Supply chains today face unprecedented challenges as global disruptions reshape economic landscapes. However, advancements in technology, particularly artificial intelligence (AI) and digital twins, provide a pathway toward greater resilience. Recently, I sat down with Darcy MacClaren, Chief Revenue Officer at SAP Digital Supply Chain, to explore how these transformative technologies are revolutionizing supply chain operations and fostering profitability.
MacClaren believes that AI and machine learning are crucial in providing predictability within supply chains. Past data, when combined with real-time insights, enables businesses to react promptly to ongoing challenges. “Senior leaders and supply chain leaders recognize the need to adopt AI. The real dilemma is knowing where to start,” he notes. One effective approach is to identify a specific area in need of improvement, assess its impact, set measurable goals, and initiate change.
For instance, enterprises commonly begin with integrated business planning, known for its high value. By validating data and operational rules while empowering teams, organizations not only enhance efficiency but also build faith in AI capabilities. “The early results can be quite impressive,” MacClaren asserts, emphasizing the importance of showcasing tangible outcomes to foster trust among stakeholders.
One powerful innovation arising from AI advancements is the concept of a digital twin. Essentially, a digital twin creates a virtual representation of a physical supply chain, providing real-time insights into operations, from material flow to manufacturing and logistics. MacClaren explains how machine learning enables organizations to adjust operational strategies based on gathered data. “The digital twin allows you to run simulations—what if scenarios that evaluate changes in performance,” he says, identifying potential pitfalls, adjustments for maintenance schedules, or enhancements to throughput.
For example, a manufacturing facility can use predictive analytics to understand how different environmental conditions (such as barometric pressure) affect the productivity of machines. Such information allows companies to make informed decisions, enhancing efficiency while also reducing overall operational costs.
Moreover, the interconnected nature of today’s supply chain networks plays a pivotal role in managing disruptions. MacClaren describes a scenario where losing a trucking route from San Francisco to Colorado might necessitate alternative transportation methods. With a sophisticated network, businesses gain deeper visibility and can respond swiftly to shifting circumstances. This ability to pivot not only improves operational agility but also reflects successful resource management, particularly relevant in terms of sustainability and carbon footprint reduction.
MacClaren cites a compelling case involving a large paper products manufacturer. Initially heavily reliant on spreadsheets, this organization recognized the value of solid demand planning.

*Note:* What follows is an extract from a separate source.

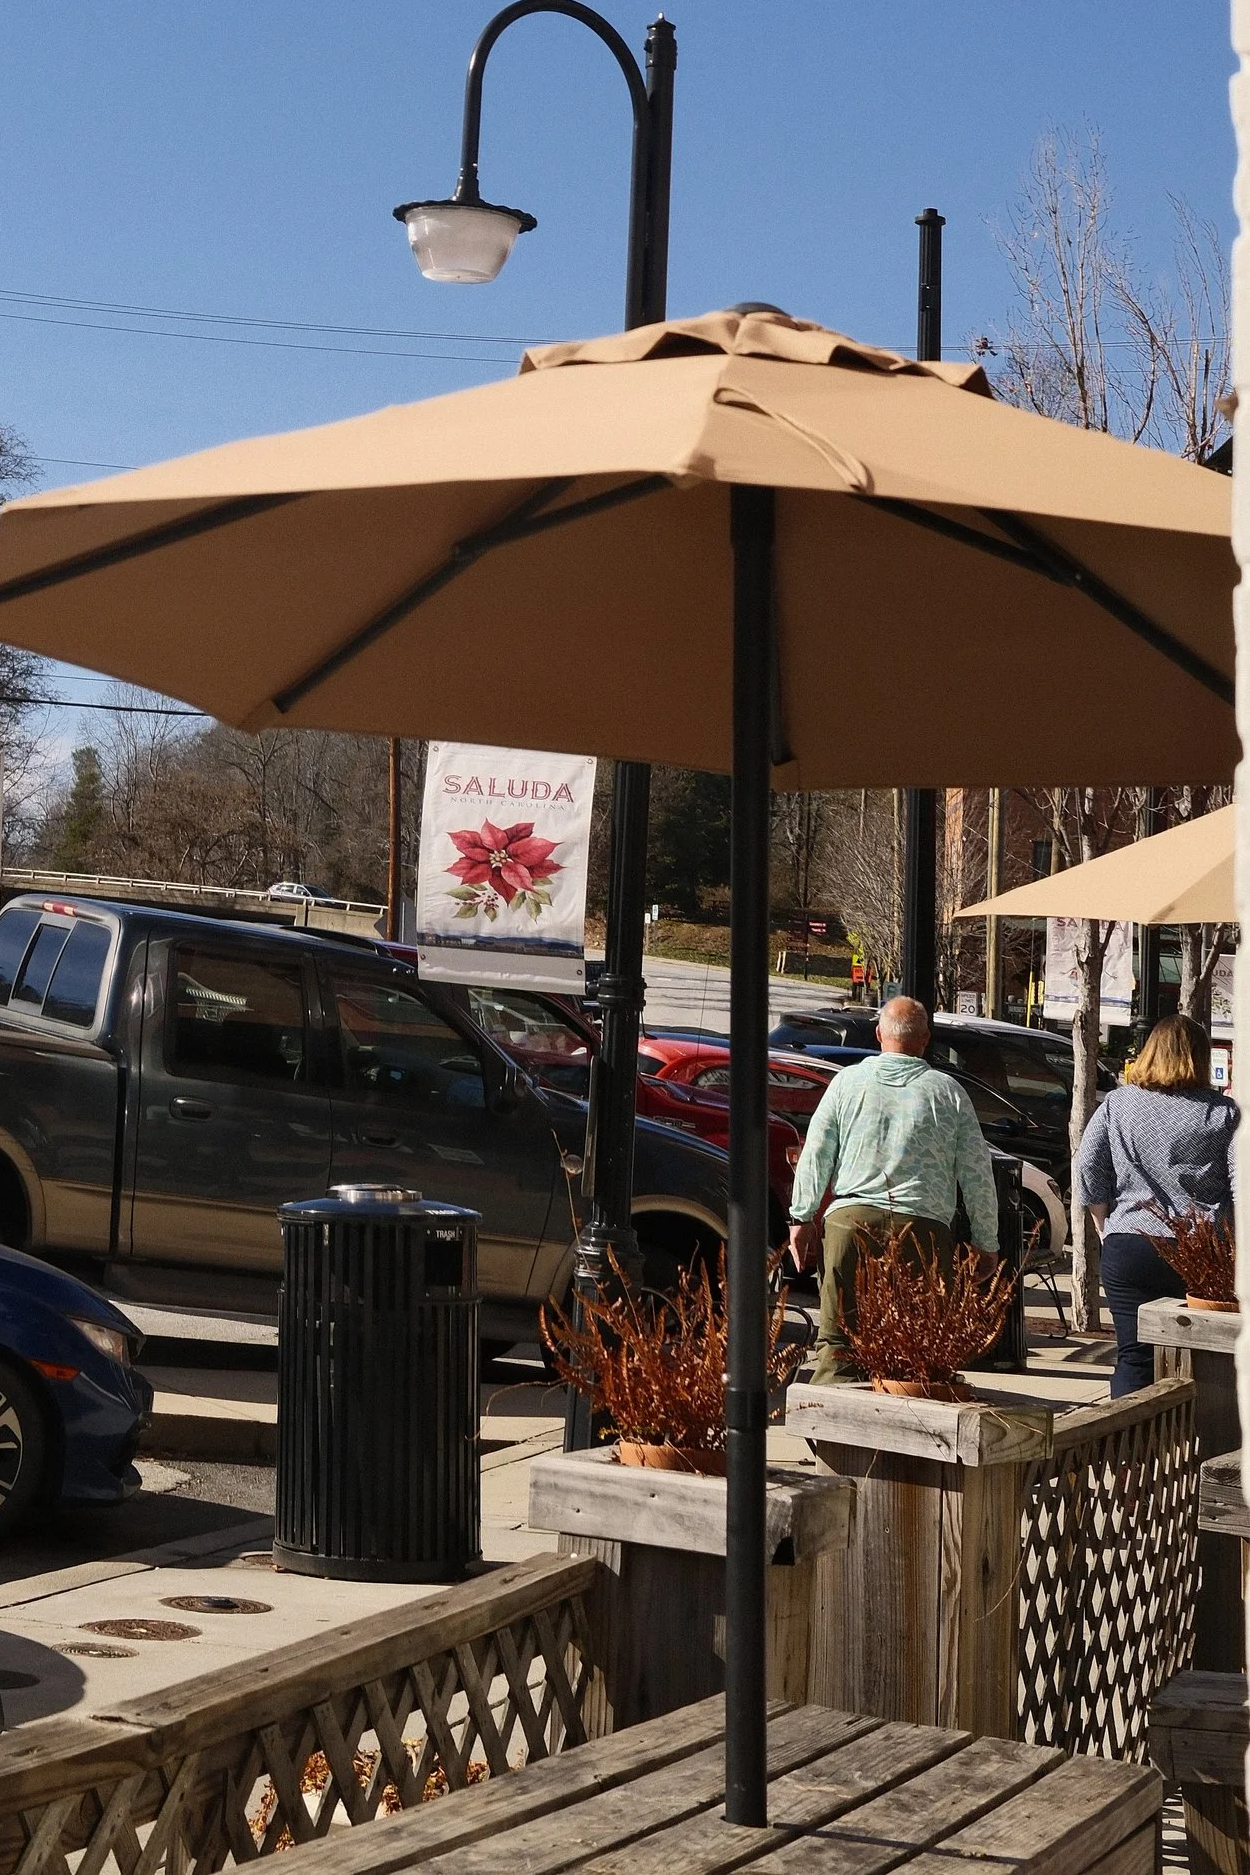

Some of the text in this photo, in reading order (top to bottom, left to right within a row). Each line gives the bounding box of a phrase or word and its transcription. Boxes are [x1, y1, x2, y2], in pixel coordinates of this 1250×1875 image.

[442, 774, 575, 804] SALUDA
[450, 796, 566, 812] NORTH CAROLINA
[960, 1004, 976, 1014] 20
[435, 1229, 456, 1239] TRASH

They initiated their AI journey by ensuring that stakeholders understood internal processes—collaborating on demand forecasting and developing supply plans. They adapted AI technologies to analyze data across their supply chain, focusing on areas needing improvement while also measuring AI’s performance.
These initiatives didn’t merely optimize existing practices. They led to transparent algorithms that offered insights into AI recommendations. Companies employing SAP’s Joule AI copilot can query how AI generated specific solutions, which substantiates trust within the organization. This transparency is critical, as it mitigates fears associated with AI’s “black box” nature and fosters deeper engagement with the data.

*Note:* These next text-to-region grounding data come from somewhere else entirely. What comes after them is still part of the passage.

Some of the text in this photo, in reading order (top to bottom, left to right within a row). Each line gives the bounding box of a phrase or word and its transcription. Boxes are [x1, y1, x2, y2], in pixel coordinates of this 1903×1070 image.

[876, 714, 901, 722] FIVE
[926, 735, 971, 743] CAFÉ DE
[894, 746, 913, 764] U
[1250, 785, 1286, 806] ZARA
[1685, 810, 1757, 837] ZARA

To develop a resilient, intelligent supply chain that exhibits anti-fragility—a term referring to systems that thrive under stress—MacClaren highlights three fundamental components:
1. Connected Supply Chain Processes: It is imperative that every aspect of the supply chain, from product design and manufacturing to delivery operations, is seamlessly integrated. This connectivity fosters collaborative responses to challenges.
2. Ecosystem Connectivity: Stakeholders in the supply chain ecosystem—including suppliers, logistics partners, and workers—must be fully connected. This network allows for efficient information exchange, which ultimately enhances responsiveness and operational coherence.
3. Contextualized Data: With vast amounts of data flowing into organizations, it is crucial to determine who needs specific information and for what purpose. Understanding the implications of delays or disruptions helps prioritize communications and actions effectively.
Currently, many product-centric companies are still optimizing their supply chains, employing established algorithms to manage costs. Conversely, around 30% are advancing quickly into adaptive phases, leveraging analytics for enhanced operational strategies. Notably, newer industries like electric vehicle manufacturing are embracing AI tools at a rapid pace, aiming for a more autonomous supply chain model.
As organizations navigate through these phases, the consistent goal remains operational efficiency and responsiveness. AI and digital twins are not merely buzzwords but valuable tools shaping the future of supply chains. By employing these technologies, companies can thrive in a climate of uncertainty and build robust systems capable of withstanding the test of time.